The proposed research will have shorter and longer-term impact on Society and the economy:

SHORTER-TERM IMPACT: My move to the chemistry department at King's has already begun to generate new experimental ideas through combining interdisciplinary expertise with local colleagues. This study will thus have impact on research methods in the chemistry community as discussed in my 'academic beneficiaries' section and there will be knock-on effects from any discovery resulting from use of these techniques by other groups. I have a longstanding commitment to Public Engagement, described in more detail in my Pathways to Impact statement and I have plans to discuss my findings in non-scientific settings through the written and spoken word creating social impact by making the public more kindly disposed towards science while feeding back their ideas into the creativity of scientific planning. Since I am now at a University that teaches Arts subjects as well as science there is also far more opportunity for creating radically interdisciplinary impact. I have requested a 10K public engagement budget within this proposal to fund a pilot art project with Lavender Hill Studios which will lead to an immersive public exhibition that will directly engage a large number of people with diverse backgrounds and education.

LONGER-TERM IMPACT: The more information we have, on the detailed workings of the healthy and diseased body, the stronger is our potential to combat disease and promote health and wellbeing in the population.

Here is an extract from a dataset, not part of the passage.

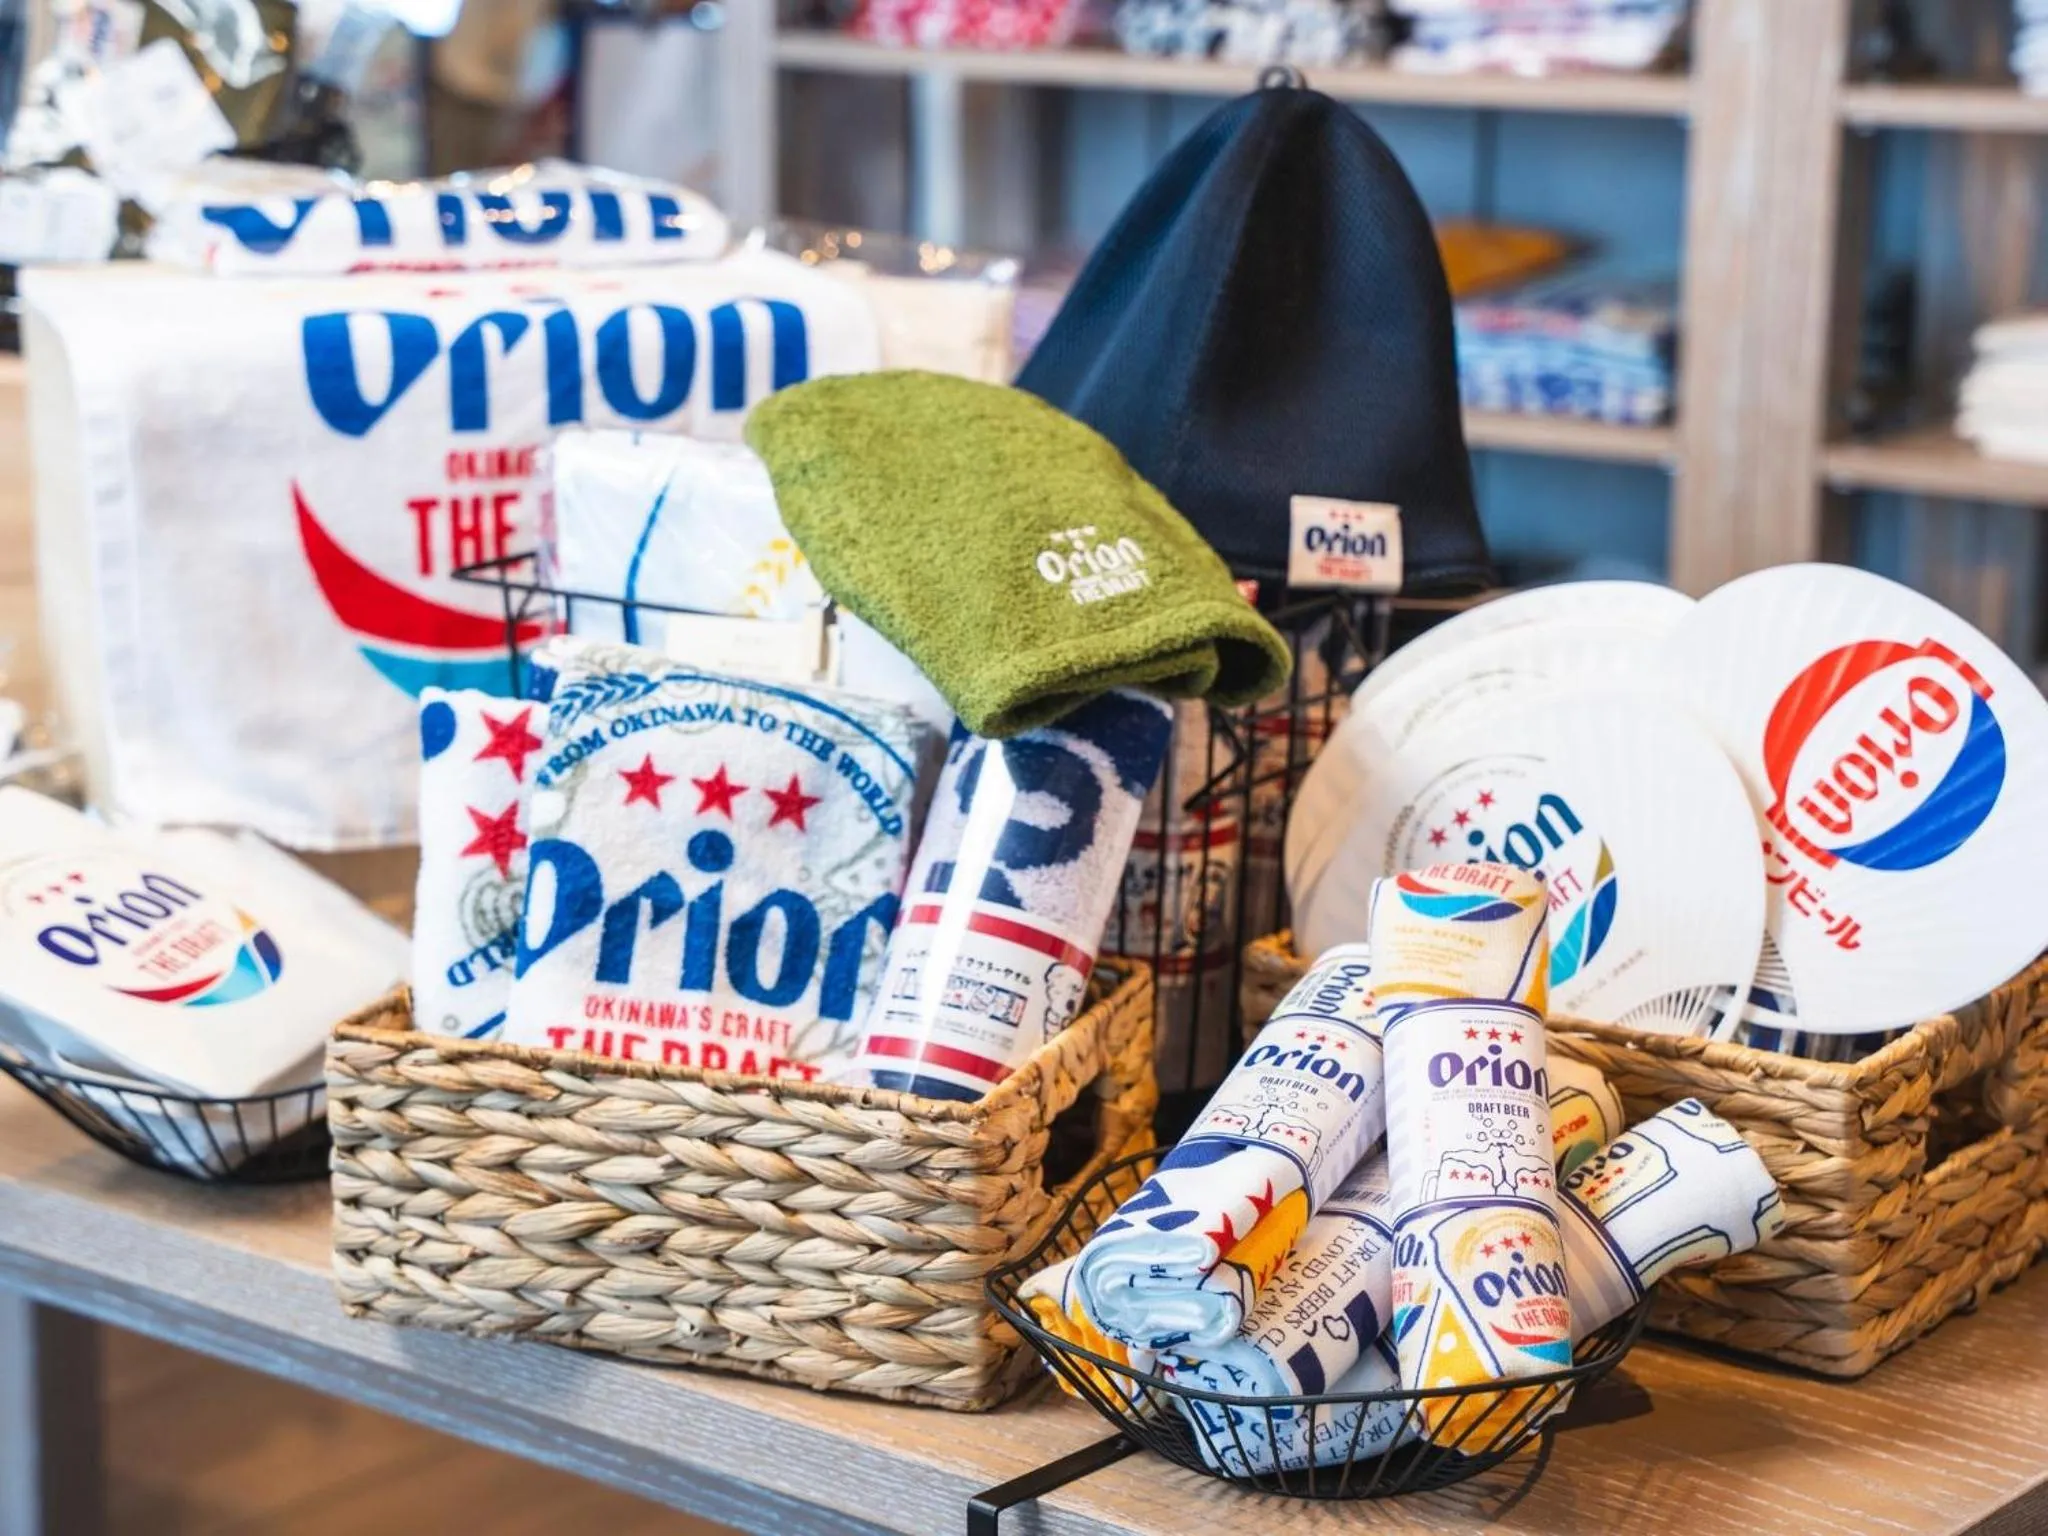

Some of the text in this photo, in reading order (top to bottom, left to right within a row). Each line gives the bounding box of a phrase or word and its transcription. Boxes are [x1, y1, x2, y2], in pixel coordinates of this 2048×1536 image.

In this research programme my group will examine a gene expression switch event in B. subtilis in three-dimensional molecular detail. The resulting contribution will be significant in addressing the central biological question of how cells change their identity. This underpins developmental diseases and cancer in which inappropriate phenotypic changes cause serious harm. As an ideal goal, a molecular-level understanding of these processes supports the prospect of cellular 'reprogramming' strategies for therapeutic intervention in cancer and other illnesses. Such changes in gene expression are also responsible for developing resistance to drugs in cancer cells, anti-viral drug resistance and bacterial resistance to antibiotics; thus, a full three-dimensional understanding of gene expression switches will prove valuable in addressing some of the major challenges in modern medicine. These studies have the potential to identify novel antibiotic targets for gram-positive spore-forming pathogens such as Clostridium botulinum, Bacillus anthracis and Clostridium difficile, the source of nosocomial diarrhoea, pseudomembranous colitis and toxic megacolon in long-stay hospital patients. This would have enormous impact on society by addressing a uniquely modern problem that is getting worse. Moreover, from a synthetic biology perspective this work potentially offers scope for creating novel chimeric sigma factors that direct transcription of unique promoters which has the potential to add to the B. subtilis tractability toolkit which would have industrial, economic and academic impact.